I get the hypocrisy - Hastert pursued Clinton on a legal technicality and now the shoe is on the other foot. That definitely makes him unsympathetic, and there is a certain schadenfreude in watching his fall.
My outlook on the hypocrisy is that I thought the whole Clinton-impeachment-for-perjury was unwarranted, and I will apply the same standard to Hastert - why is the FBI going after this?
It's not illegal to pay someone off to keep their mouth shut. On the contrary, it's illegal to
ask for money to keep one's mouth shut. On that score, Hastert is the victim, not the criminal.
He structured the cash withdrawals in less than $10,000 increments, so the banks wouldn't raise an alarm to the Feds. That is technically illegal, but the reason for that is to catch drug, mafia, or bribe money being moved. I can't think of another instance of someone being prosecuted for that when it wasn't also a part of a drug or mafia bust.

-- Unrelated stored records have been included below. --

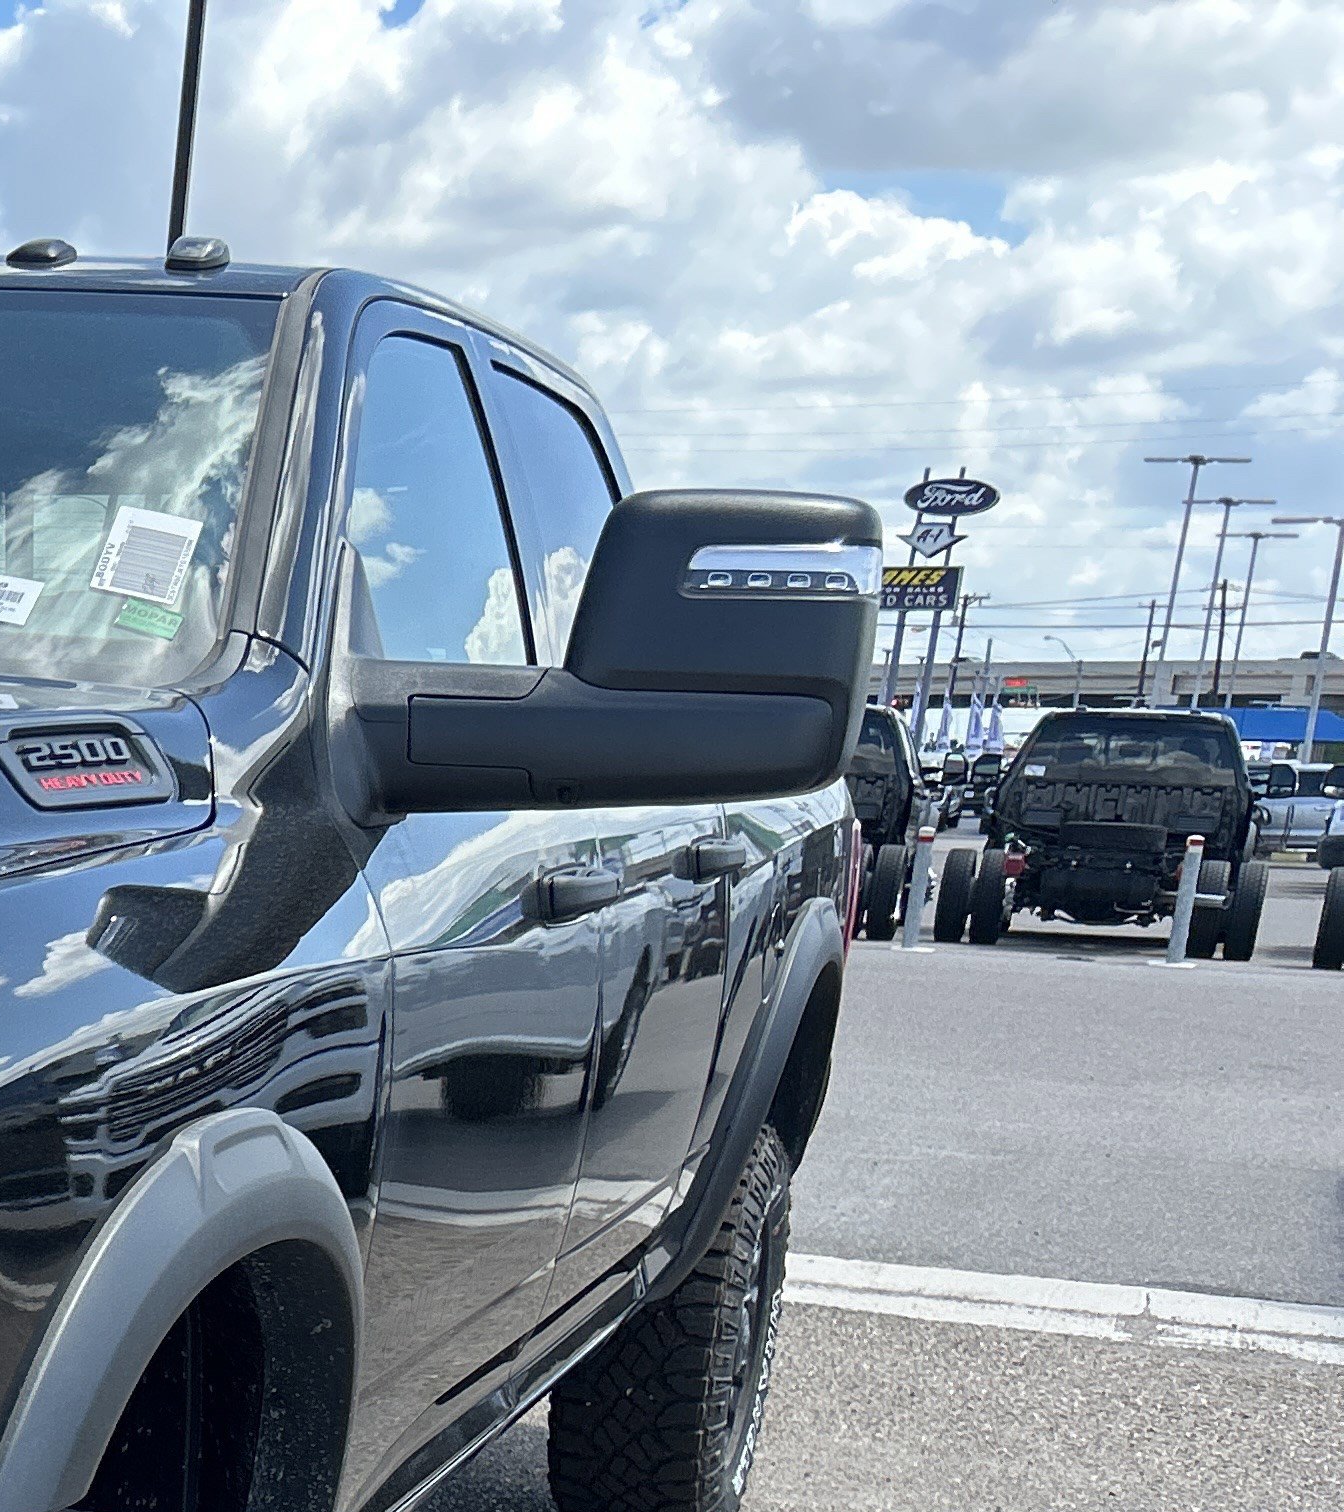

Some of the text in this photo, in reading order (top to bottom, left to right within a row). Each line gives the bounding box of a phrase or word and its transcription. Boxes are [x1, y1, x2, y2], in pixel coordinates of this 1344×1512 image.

[917, 483, 987, 508] Ford
[904, 594, 949, 607] CARS
[22, 737, 132, 770] 2500
[39, 770, 142, 791] HEAVY DUTY
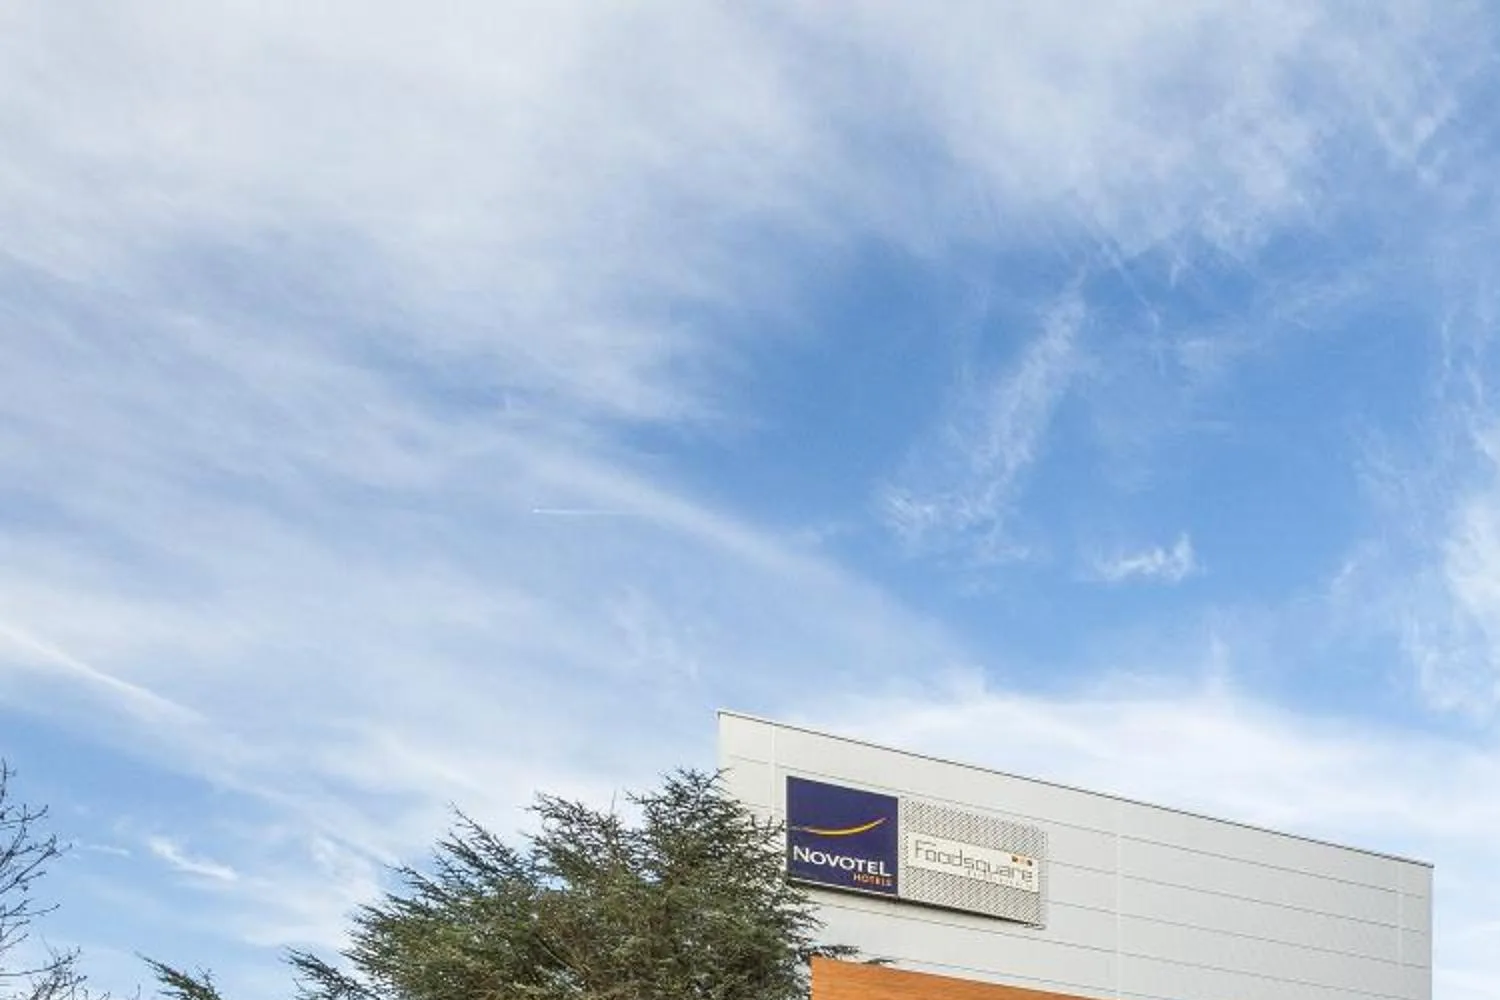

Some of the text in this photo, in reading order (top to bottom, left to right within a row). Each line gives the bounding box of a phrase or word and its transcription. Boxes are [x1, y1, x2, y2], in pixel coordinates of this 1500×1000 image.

[792, 845, 893, 877] NOVOTEL
[915, 839, 1034, 882] Foodsquare
[853, 872, 893, 887] HOTELS

The FBI did their investigation, they discovered what he was using the money for (nothing illegal) - yet they slapped him with this cash structuring technical charge, and for perjury when he lied to them earlier about what he was using the money for. (That fits pretty squarely with the "lying about sex" perjury that was used against Clinton, which I also thought was much ado about nothing.)
Why bother to do that? This is not a public official taking bribes; Hastert was not funding drug lords or secretly supporting terrorists. He was the victim of blackmail. It seems to me that the FBI should be going after the blackmailer, not the guy that was being scammed out of millions.
Certainly Hastert is a big hypocrite. No argument there. But its not illegal to be an asshole.
The person I have NO SYMPATHY for is the middle-aged guy that bled the former House Speaker of millions, just because he knew he had him over a barrel. Talk about greedy! Maybe if he got $200k and called it a day I might think - well OK, he got even. But $3 million!